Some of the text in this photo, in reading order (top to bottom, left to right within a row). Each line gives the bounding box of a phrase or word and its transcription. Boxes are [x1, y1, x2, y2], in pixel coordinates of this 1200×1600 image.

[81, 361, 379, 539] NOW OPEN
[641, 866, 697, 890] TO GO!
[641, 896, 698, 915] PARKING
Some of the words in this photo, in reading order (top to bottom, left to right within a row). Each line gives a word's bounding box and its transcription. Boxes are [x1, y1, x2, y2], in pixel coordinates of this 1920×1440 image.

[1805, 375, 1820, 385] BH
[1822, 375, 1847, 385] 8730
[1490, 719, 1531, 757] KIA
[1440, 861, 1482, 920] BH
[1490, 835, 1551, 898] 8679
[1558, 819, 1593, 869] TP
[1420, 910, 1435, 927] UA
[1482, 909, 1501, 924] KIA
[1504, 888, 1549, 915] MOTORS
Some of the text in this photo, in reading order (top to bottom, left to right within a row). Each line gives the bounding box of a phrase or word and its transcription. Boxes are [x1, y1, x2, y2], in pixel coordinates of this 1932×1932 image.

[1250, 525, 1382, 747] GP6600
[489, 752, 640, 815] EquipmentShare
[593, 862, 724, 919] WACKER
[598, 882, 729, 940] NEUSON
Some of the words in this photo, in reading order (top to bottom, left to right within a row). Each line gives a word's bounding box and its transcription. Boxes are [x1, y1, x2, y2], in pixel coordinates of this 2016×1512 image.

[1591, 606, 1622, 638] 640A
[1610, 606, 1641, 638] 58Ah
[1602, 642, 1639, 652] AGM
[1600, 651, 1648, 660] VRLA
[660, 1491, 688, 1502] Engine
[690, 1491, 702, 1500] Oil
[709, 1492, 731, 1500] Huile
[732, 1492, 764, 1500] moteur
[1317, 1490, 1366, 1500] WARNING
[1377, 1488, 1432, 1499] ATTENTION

EXERCISE DETAILS
This exercise calls for an exact reproduction of the material.

EXERCISE SOLUTION
Some of the text in this photo, in reading order (top to bottom, left to right within a row). Each line gives the bounding box of a phrase or word and its transcription. Boxes are [x1, y1, x2, y2], in pixel coordinates of this 1200×1600 image.

[81, 361, 379, 539] NOW OPEN
[641, 866, 697, 890] TO GO!
[641, 896, 698, 915] PARKING
Some of the words in this photo, in reading order (top to bottom, left to right within a row). Each line gives a word's bounding box and its transcription. Boxes are [x1, y1, x2, y2], in pixel coordinates of this 1920×1440 image.

[1805, 375, 1820, 385] BH
[1822, 375, 1847, 385] 8730
[1490, 719, 1531, 757] KIA
[1440, 861, 1482, 920] BH
[1490, 835, 1551, 898] 8679
[1558, 819, 1593, 869] TP
[1420, 910, 1435, 927] UA
[1482, 909, 1501, 924] KIA
[1504, 888, 1549, 915] MOTORS
Some of the text in this photo, in reading order (top to bottom, left to right within a row). Each line gives the bounding box of a phrase or word and its transcription. Boxes are [x1, y1, x2, y2], in pixel coordinates of this 1932×1932 image.

[1250, 525, 1382, 747] GP6600
[489, 752, 640, 815] EquipmentShare
[593, 862, 724, 919] WACKER
[598, 882, 729, 940] NEUSON
Some of the words in this photo, in reading order (top to bottom, left to right within a row). Each line gives a word's bounding box and its transcription. Boxes are [x1, y1, x2, y2], in pixel coordinates of this 2016×1512 image.

[1591, 606, 1622, 638] 640A
[1610, 606, 1641, 638] 58Ah
[1602, 642, 1639, 652] AGM
[1600, 651, 1648, 660] VRLA
[660, 1491, 688, 1502] Engine
[690, 1491, 702, 1500] Oil
[709, 1492, 731, 1500] Huile
[732, 1492, 764, 1500] moteur
[1317, 1490, 1366, 1500] WARNING
[1377, 1488, 1432, 1499] ATTENTION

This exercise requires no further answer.